◆ **Your objective**: Word for word, restate the entries below and exclude every image.

◆ **Record extracts**:
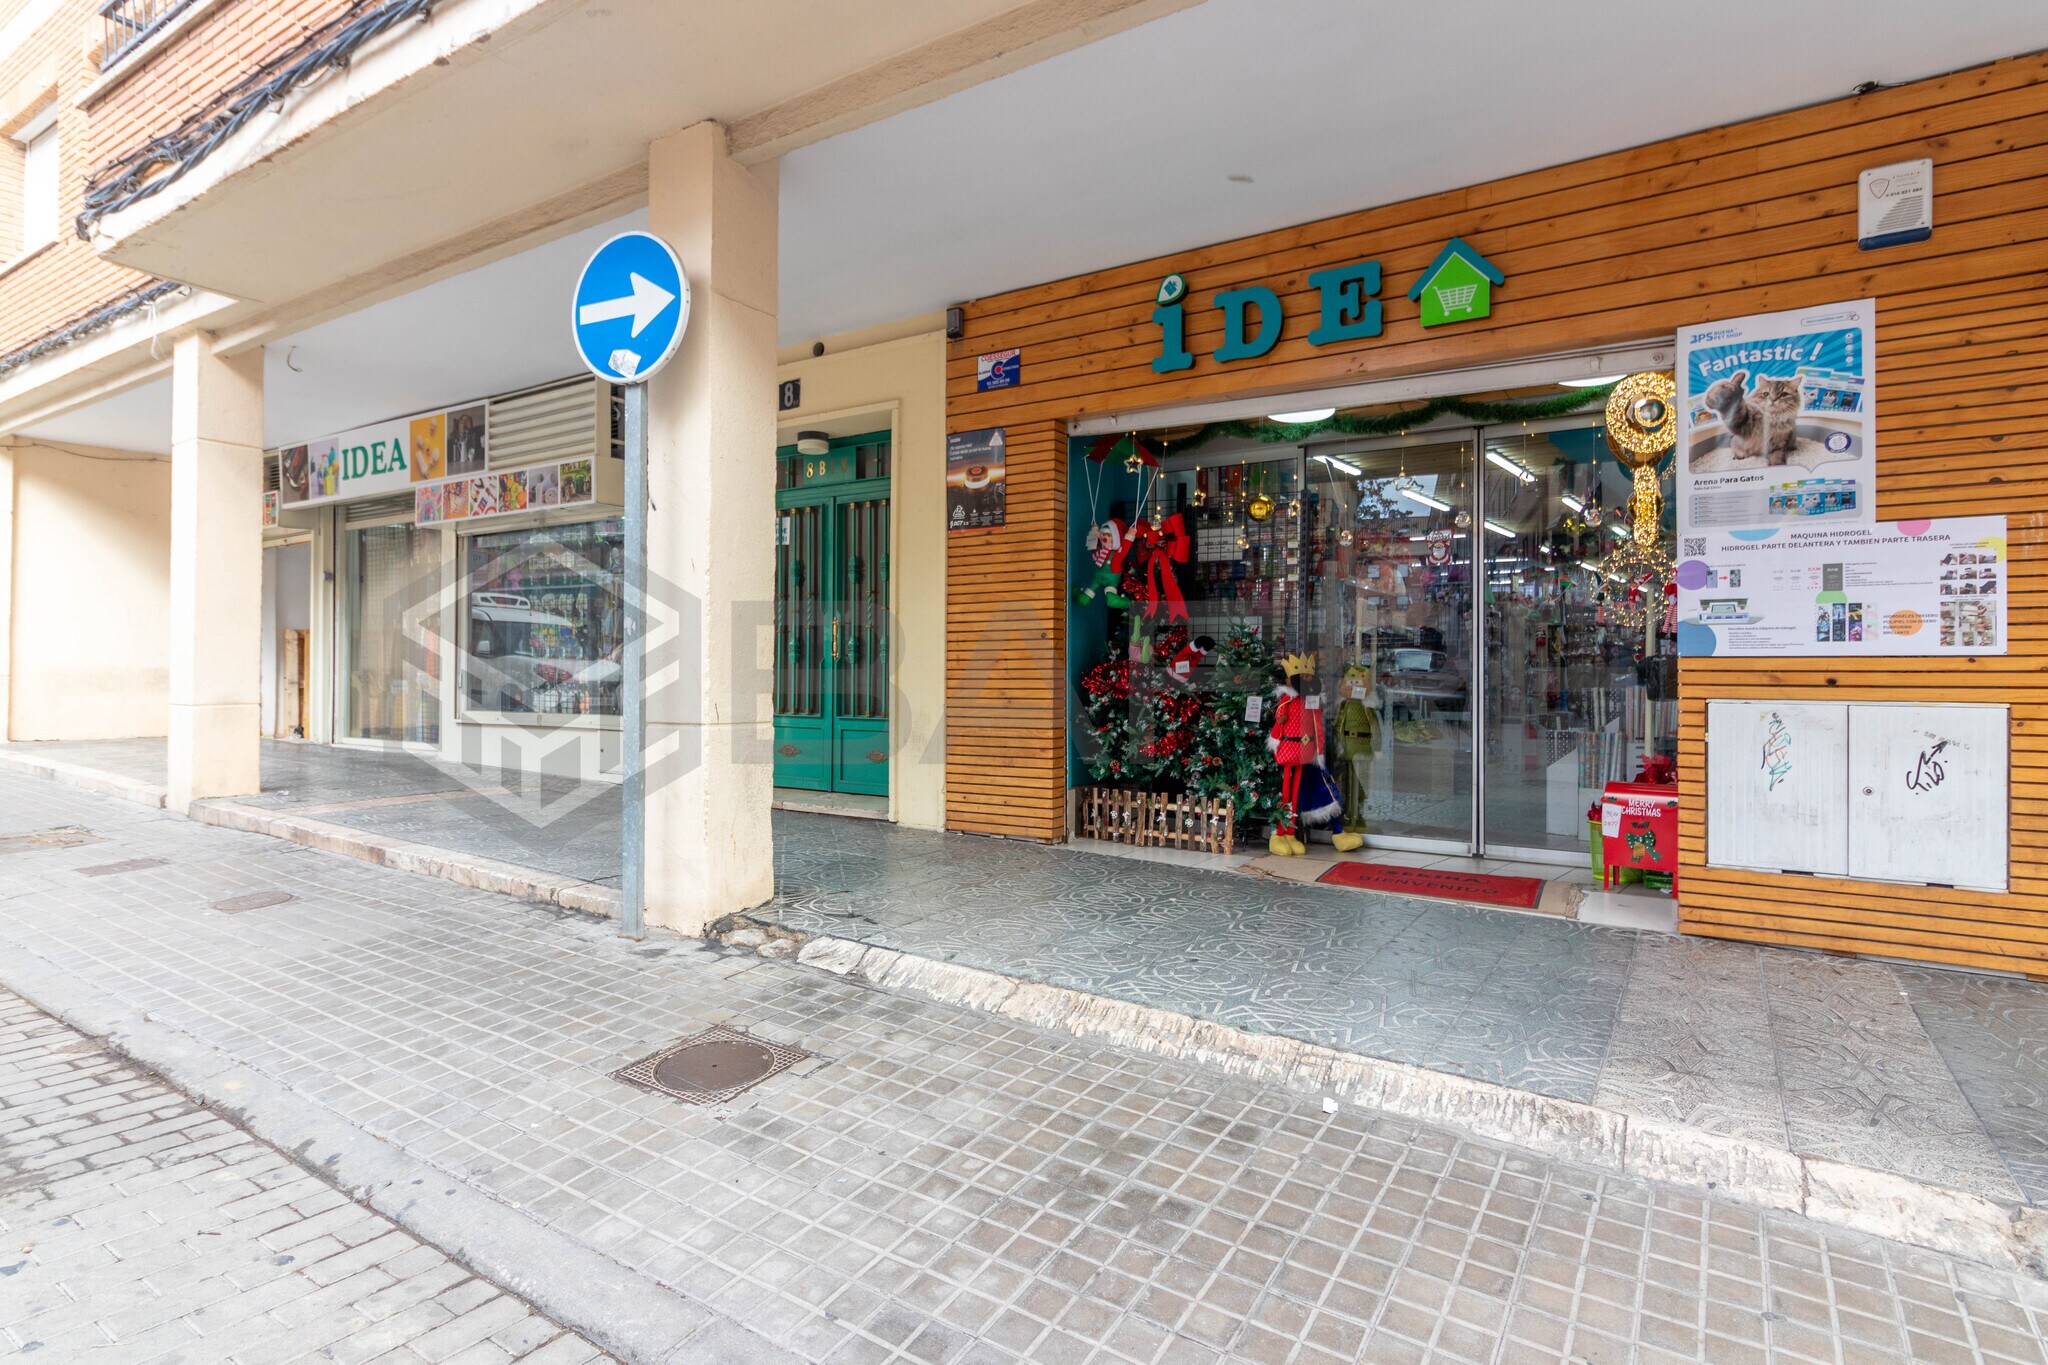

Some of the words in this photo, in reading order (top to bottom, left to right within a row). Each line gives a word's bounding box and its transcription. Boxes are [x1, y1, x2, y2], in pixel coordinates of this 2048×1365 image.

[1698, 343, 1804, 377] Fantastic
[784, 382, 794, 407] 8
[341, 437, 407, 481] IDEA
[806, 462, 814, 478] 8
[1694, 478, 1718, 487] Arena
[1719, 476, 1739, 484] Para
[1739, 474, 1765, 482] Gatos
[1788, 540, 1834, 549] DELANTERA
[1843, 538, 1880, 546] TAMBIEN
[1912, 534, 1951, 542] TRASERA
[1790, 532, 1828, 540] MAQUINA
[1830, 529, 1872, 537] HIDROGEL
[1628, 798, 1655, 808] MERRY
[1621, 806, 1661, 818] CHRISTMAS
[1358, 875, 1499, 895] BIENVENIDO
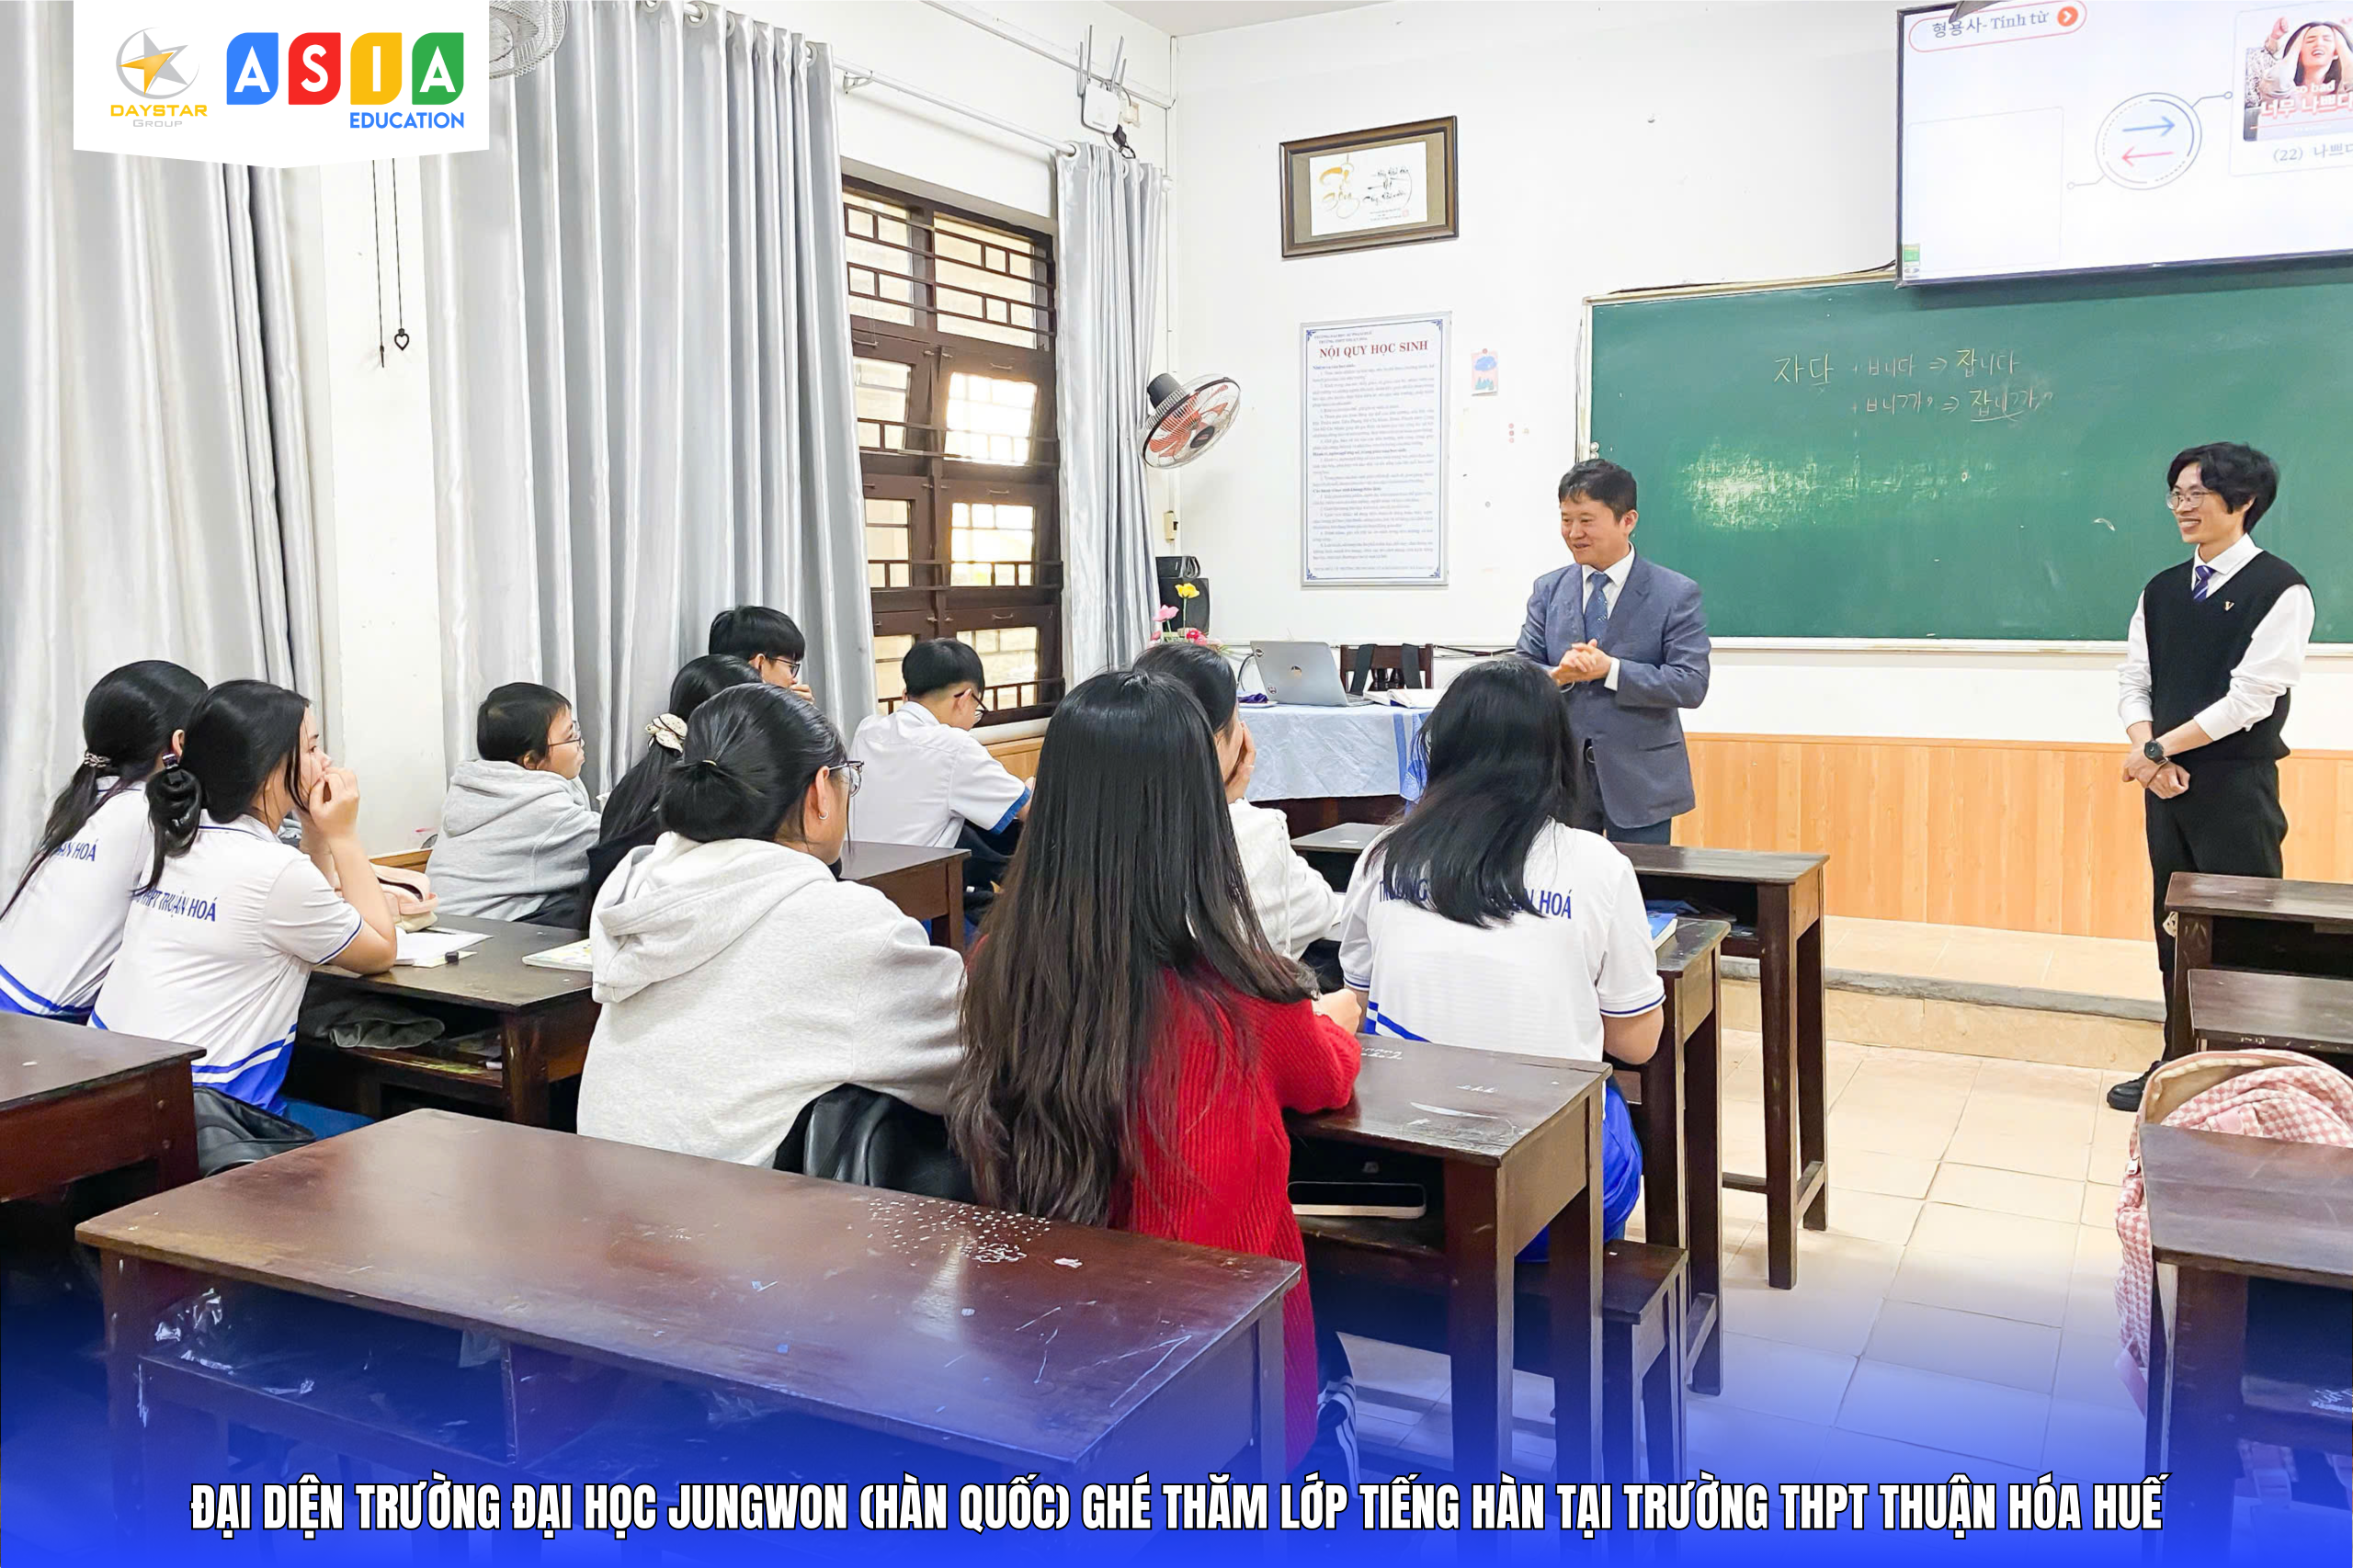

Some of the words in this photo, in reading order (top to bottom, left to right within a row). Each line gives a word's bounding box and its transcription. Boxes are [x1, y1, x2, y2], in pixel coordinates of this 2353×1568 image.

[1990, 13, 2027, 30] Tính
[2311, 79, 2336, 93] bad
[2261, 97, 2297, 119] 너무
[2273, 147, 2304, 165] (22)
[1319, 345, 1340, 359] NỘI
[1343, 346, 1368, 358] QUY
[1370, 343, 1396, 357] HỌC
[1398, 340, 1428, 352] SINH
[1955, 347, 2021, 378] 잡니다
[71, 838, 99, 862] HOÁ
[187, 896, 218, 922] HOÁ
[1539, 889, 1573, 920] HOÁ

◆ **Written answer**:
Some of the words in this photo, in reading order (top to bottom, left to right within a row). Each line gives a word's bounding box and its transcription. Boxes are [x1, y1, x2, y2], in pixel coordinates of this 2048×1365 image.

[1698, 343, 1804, 377] Fantastic
[784, 382, 794, 407] 8
[341, 437, 407, 481] IDEA
[806, 462, 814, 478] 8
[1694, 478, 1718, 487] Arena
[1719, 476, 1739, 484] Para
[1739, 474, 1765, 482] Gatos
[1788, 540, 1834, 549] DELANTERA
[1843, 538, 1880, 546] TAMBIEN
[1912, 534, 1951, 542] TRASERA
[1790, 532, 1828, 540] MAQUINA
[1830, 529, 1872, 537] HIDROGEL
[1628, 798, 1655, 808] MERRY
[1621, 806, 1661, 818] CHRISTMAS
[1358, 875, 1499, 895] BIENVENIDO

Some of the words in this photo, in reading order (top to bottom, left to right within a row). Each line gives a word's bounding box and its transcription. Boxes are [x1, y1, x2, y2], in pixel coordinates of this 2353×1568 image.

[1990, 13, 2027, 30] Tính
[2311, 79, 2336, 93] bad
[2261, 97, 2297, 119] 너무
[2273, 147, 2304, 165] (22)
[1319, 345, 1340, 359] NỘI
[1343, 346, 1368, 358] QUY
[1370, 343, 1396, 357] HỌC
[1398, 340, 1428, 352] SINH
[1955, 347, 2021, 378] 잡니다
[71, 838, 99, 862] HOÁ
[187, 896, 218, 922] HOÁ
[1539, 889, 1573, 920] HOÁ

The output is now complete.